Exercise instructions: The answer must be an exact reproduction of all the entries.

Stored data entries:

################

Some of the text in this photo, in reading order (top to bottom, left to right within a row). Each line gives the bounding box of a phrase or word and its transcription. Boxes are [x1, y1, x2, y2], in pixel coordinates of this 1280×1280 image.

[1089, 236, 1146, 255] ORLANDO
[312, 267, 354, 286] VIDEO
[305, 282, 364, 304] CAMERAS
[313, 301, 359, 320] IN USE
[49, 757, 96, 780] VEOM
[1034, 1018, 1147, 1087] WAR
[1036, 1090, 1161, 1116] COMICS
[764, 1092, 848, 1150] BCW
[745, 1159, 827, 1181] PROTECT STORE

################

Solution to the problem:
Some of the text in this photo, in reading order (top to bottom, left to right within a row). Each line gives the bounding box of a phrase or word and its transcription. Boxes are [x1, y1, x2, y2], in pixel coordinates of this 1280×1280 image.

[1089, 236, 1146, 255] ORLANDO
[312, 267, 354, 286] VIDEO
[305, 282, 364, 304] CAMERAS
[313, 301, 359, 320] IN USE
[49, 757, 96, 780] VEOM
[1034, 1018, 1147, 1087] WAR
[1036, 1090, 1161, 1116] COMICS
[764, 1092, 848, 1150] BCW
[745, 1159, 827, 1181] PROTECT STORE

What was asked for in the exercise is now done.